An analysis of treatment responses in a study published previously by our group using ondansetron in a similar patient population yielded complete control rates of 59% (nausea) and 75% (vomiting) in the acute phase, and 39% (nausea) and 52% (vomiting) in the delayed phase (20). Using the most comparable endpoint in the current study, complete control in nausea and vomiting with palonosetron exceeds complete control of ondansetron by 16% and 18% in the acute phase respectively, and by 35% and 41% in the delayed phase respectively. Another notable observation is the apparent maintenance of complete control from the acute to delayed phase with palonosetron, whereas complete control of nausea and vomiting fell by 20% and 23% with ondansetron. However, it should be noted that those who achieved control in the acute phase did not necessarily do so in the delayed phase, and vice versa. There was a decrease in complete control from acute to delayed phase vomiting in patients who received a single fraction of radiation, whereas there was an increase in complete control from acute to delayed phase vomiting in patients treated with multiple fractions of radiation. Patients were treated with radiation and the study medication during the acute phase. Those who received multiple fractions of radiation also consumed an increased amount of palonosetron compared to those who received a single fraction of radiation. The residual effect of these multiple doses may explain the differences in control in the delayed phase between these groups.
Results from an international survey of radiation oncologists indicated 5-HT3 RAs to be the antiemetic agent most commonly prescribed by clinicians (2). A systematic review and meta-analysis conducted by Li et al. demonstrated a significantly higher efficacy of 5-HT3 RAs (ondansetron, granisetron, dolasetron) compared to dopamine RAs in both complete control of vomiting (OR 0.17, 95% CI: 0.05–0.58) and nausea (OR 0.46, 95% CI: 0.24–0.88) (21).

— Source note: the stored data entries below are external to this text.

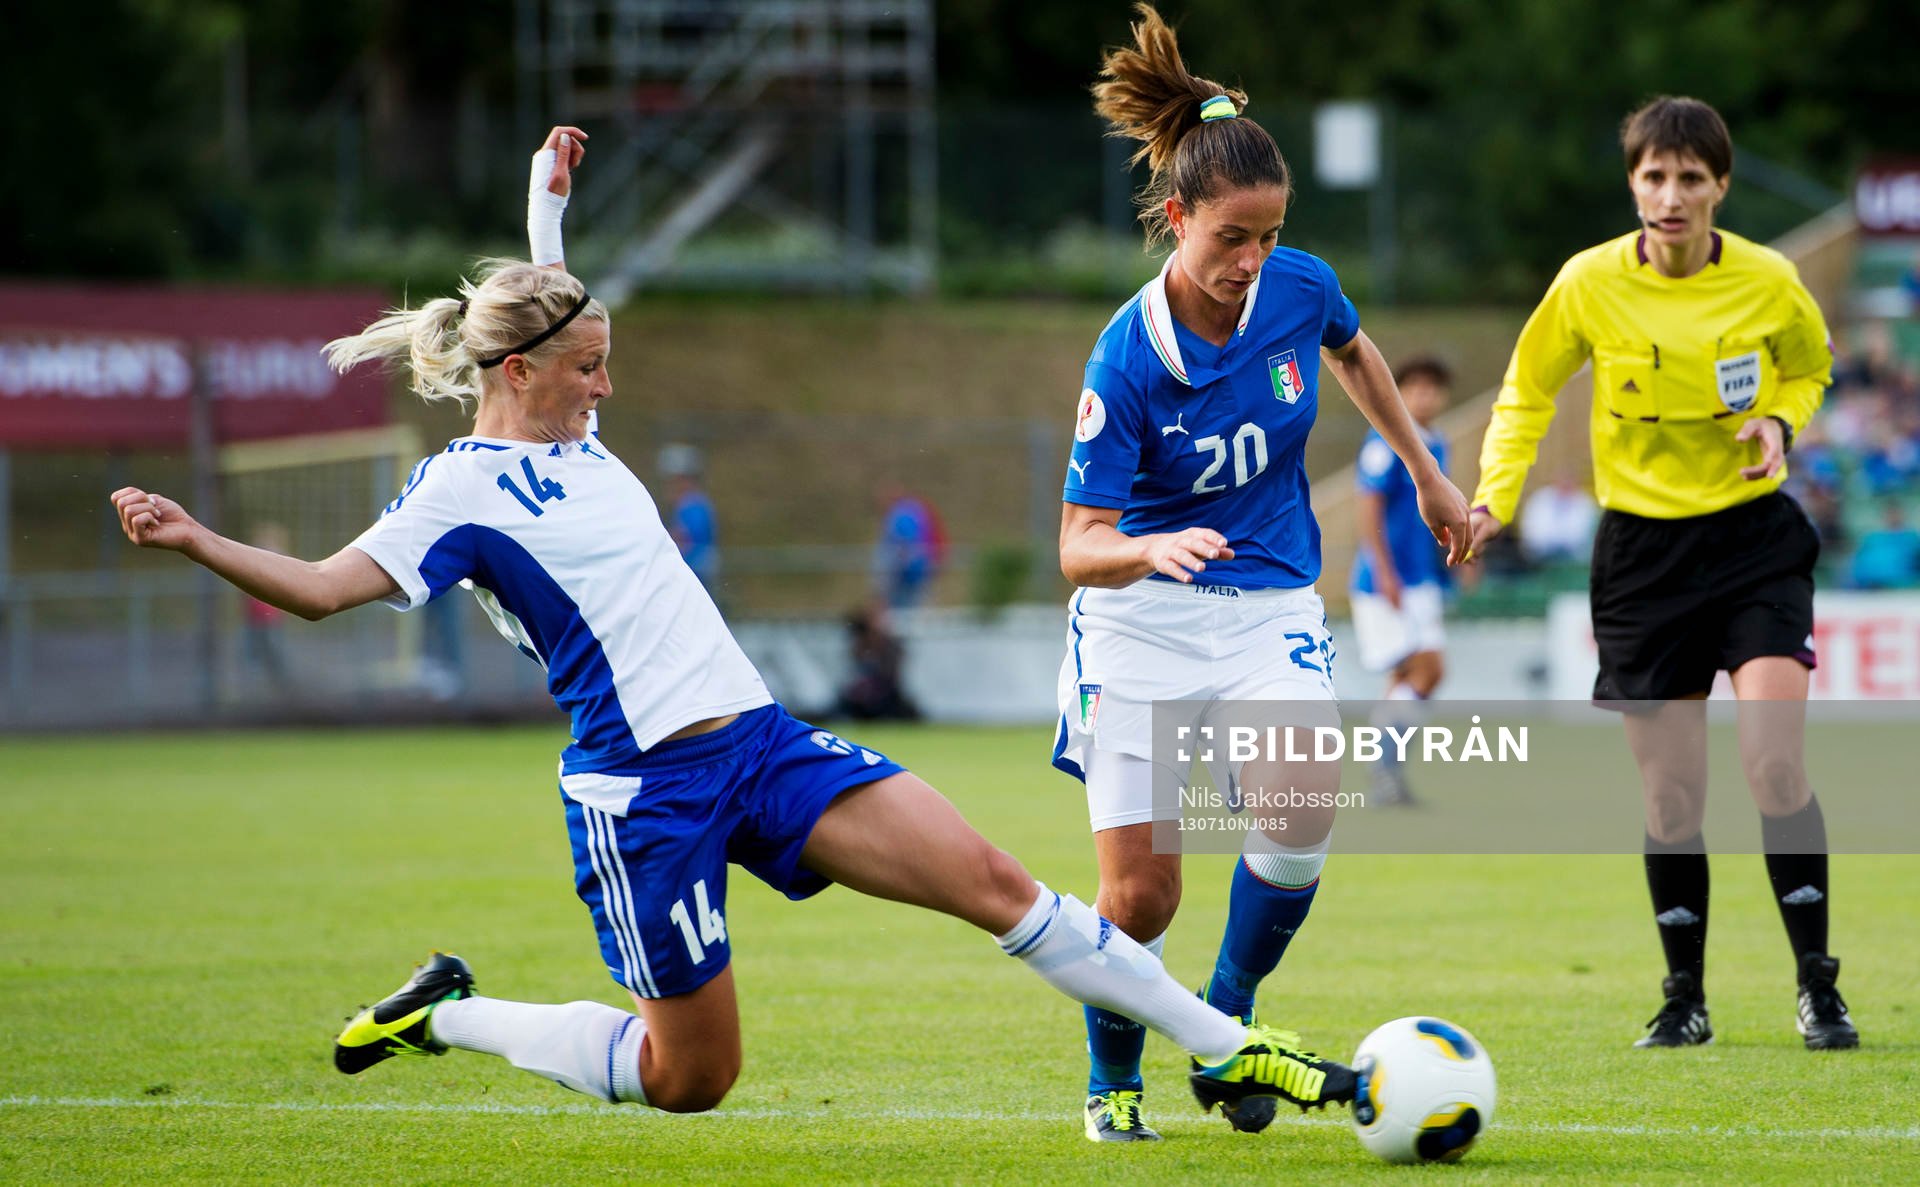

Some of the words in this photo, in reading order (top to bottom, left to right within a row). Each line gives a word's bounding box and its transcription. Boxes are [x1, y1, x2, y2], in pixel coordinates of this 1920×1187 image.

[1271, 354, 1292, 366] ITALIA
[1724, 375, 1755, 393] FIFA
[1192, 422, 1268, 494] 20
[496, 455, 567, 518] 14
[1195, 584, 1239, 598] ITALIA
[669, 879, 727, 965] 14
[1229, 1053, 1327, 1101] PUMA

There are some limitations of the study results. These limitations also applied to our previous study employing ondansetron. Patients received moderate or low risk radiation treatment. As such, these results may not be generalizable to those receiving high risk treatment. Patients were mostly geriatric, suffered from painful bone metastases, and were on several medications including opioids for cancer-related pain, which also pose a risk of nausea and constipation.
Although results from the current study suggest improved control with palonosetron versus ondansetron, a randomized controlled phase III trial is needed to assess superiority. Given that more than half of those with cancer will receive radiation during the course of their disease, there is great potential for improved well-being with research in RINV (22).
There is suggested improved prophylaxis of treatment-induced nausea and vomiting with palonosetron in the radiation setting. It was safe and well-tolerated by study patients. Efficacy of palonosetron compared to previous 5-HT3 RAs should be investigated with a randomized trial.
We thank Canadian Eisai for the supply of the medication.
Conflicts of Interest: The authors have no conflicts of interest to declare.